Initial testing began in 2000. Equipment indirectly related to the detector such as a seismometer were deployed in 2005. The first string of photomultiplier tubes was moved into place in February 2006. In September 2006 the second line was successfully connected. Lines 3, 4 and 5 were deployed at the end of 2006 and connected in January 2007. This was an important step that made Antares the biggest neutrino telescope in the Northern hemisphere (surpassing the Baikal neutrino telescope). Lines 6, 7, 8, 9, and 10 were deployed between March and early November 2007 and connected in December 2007 and January 2008. From May 2008 the detector has been running in its complete 12-line configuration.

Deployment and connection of the detector were performed in cooperation with the French oceanographic institute, IFREMER using the ROV Victor, and for some earlier operations the submarine Nautile.
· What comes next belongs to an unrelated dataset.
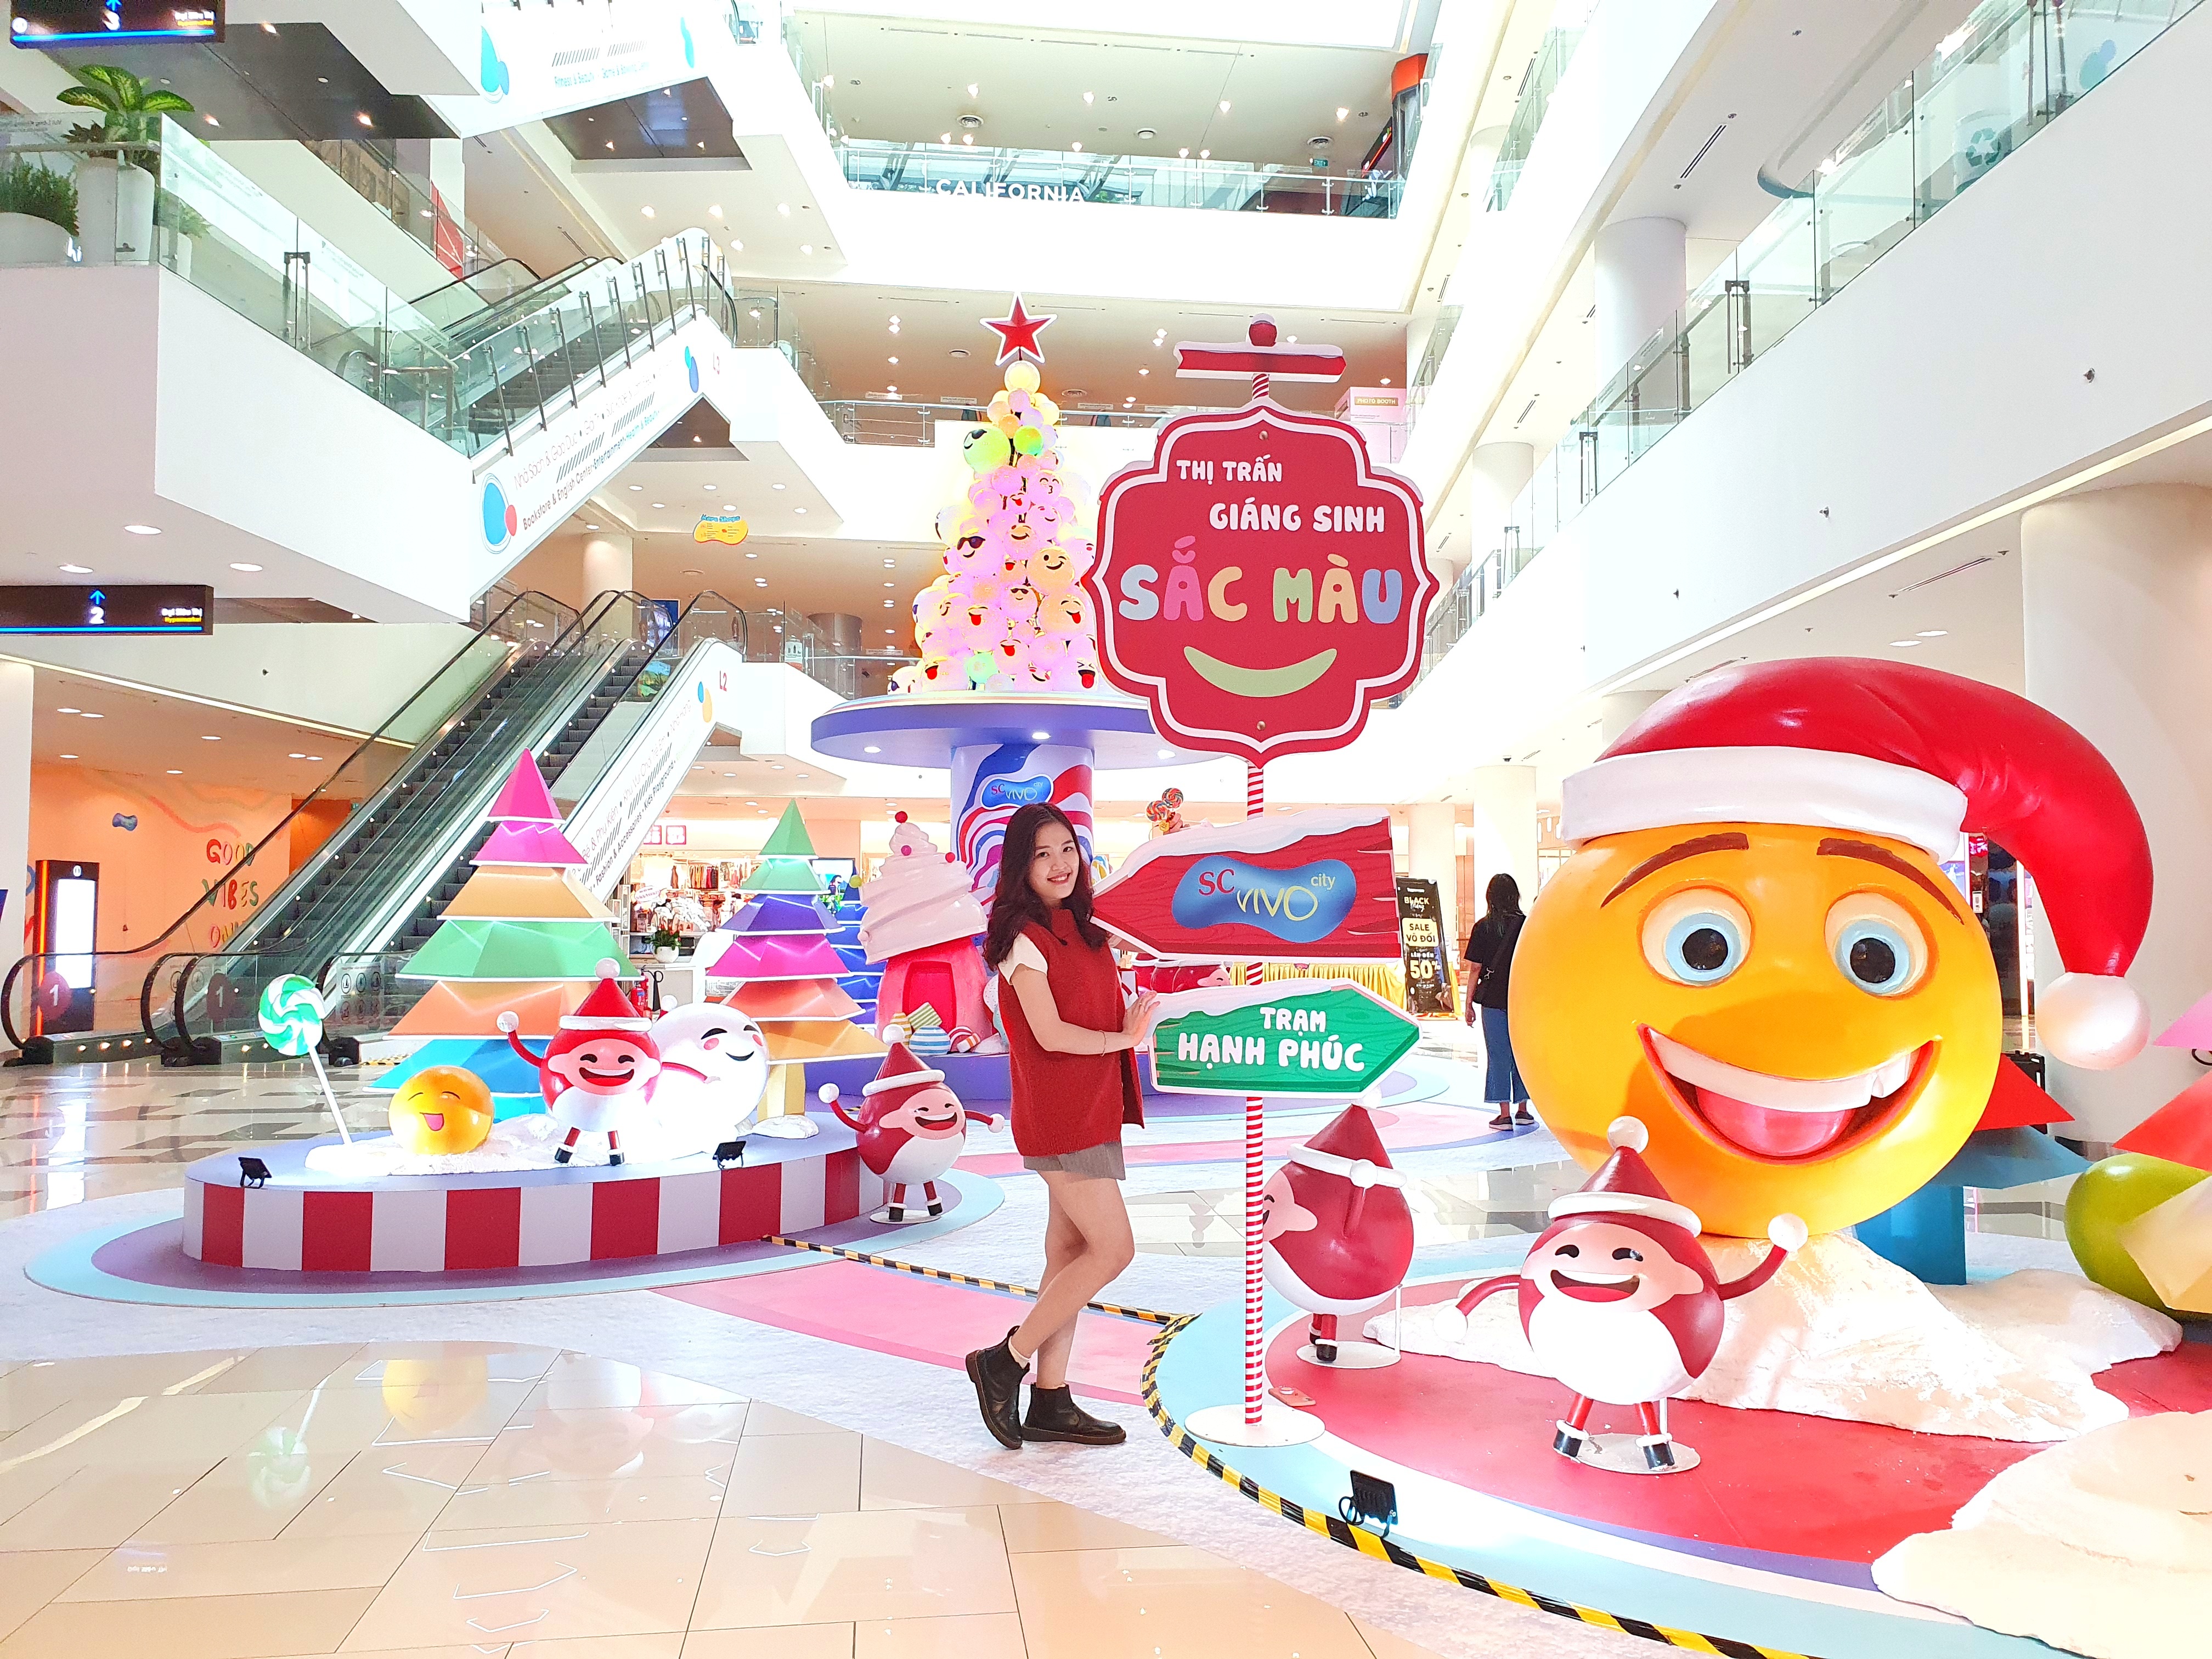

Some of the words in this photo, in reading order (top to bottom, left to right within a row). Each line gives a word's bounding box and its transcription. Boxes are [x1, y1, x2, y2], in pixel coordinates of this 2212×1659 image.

The detector has finished collecting data and has been dismantled in a series of sea campaigns in 2022.

==Experimental goals==
The ANTARES project complements the IceCube Neutrino Observatory in Antarctica. The detection principles of the two projects are very similar, although ANTARES only points toward the Southern Hemisphere. Thanks to its location in the Mediterranean Sea, ANTARES is more sensitive to neutrinos with energies below 100 TeV in the southern sky, a region that includes many galactic sources. ANTARES will detect neutrinos from high energy origin, particularly in the range from 10^{10} to 10^{14} electronvolts (10 GeV - 100 TeV). Over many years of operation, it may be able to produce a map of the neutrino flux from cosmic origins in the Southern Hemisphere. Of particular interest would be the detection of astrophysical point sources of neutrinos, possibly in correlation with observations in other bands (such as gamma rays sources observed by the HESS telescope in Namibia, which has a common field of view with ANTARES).

Apart from this astro-particle physics aspect, the ANTARES telescope may also tackle some fundamental problems in particle physics, such as the search for dark matter in the form of neutralino annihilation in the Sun (normal solar neutrinos being outside the energy range of ANTARES) or the Galactic Center. Due to the very different methods employed, its expected sensitivity is complementary to both the direct dark matter searches performed by experiments such as DAMA and CDMS, and to the indirect searches at the LHC. Detection of neutralino signals would also confirm supersymmetry, but is not generally considered very likely at the ANTARES sensitivity level. Other possible "exotic" phenomena that could conceivably be measured by ANTARES include nuclearites or magnetic monopoles.

==Results==
The first neutrino detections were reported in Feb 2007.

Using 6 years of data, a search of the galactic center for point sources of neutrinos found none. Atmospheric neutrino oscillations were also measured.

==Additional instrumentation==
In addition to the main optical detector for cosmic neutrinos, the ANTARES experiment also houses a number of instruments for the study of the deep sea environment, such as salinity and oxygen probes, sea current profilers and instrumentation for the measurement of light transmission and sound velocity. Also, a camera system has been installed for automatic tracking of bioluminescent organisms. Results from these instruments, while also important for the calibration of the detector, will be shared with ocean science institutes involved in the ANTARES collaboration. While the ANTARES detector contains an acoustic positioning system for the alignment of the free-floating detector lines, it also houses a separate dedicated acoustic detection system AMADEUS, which will comprise 6 converted ANTARES storeys with hydrophones to evaluate the possibility for acoustic detection of neutrinos in the deep sea. The first 3 of these acoustic storeys have been included in the instrumentation line, the other 3 on the 12th line.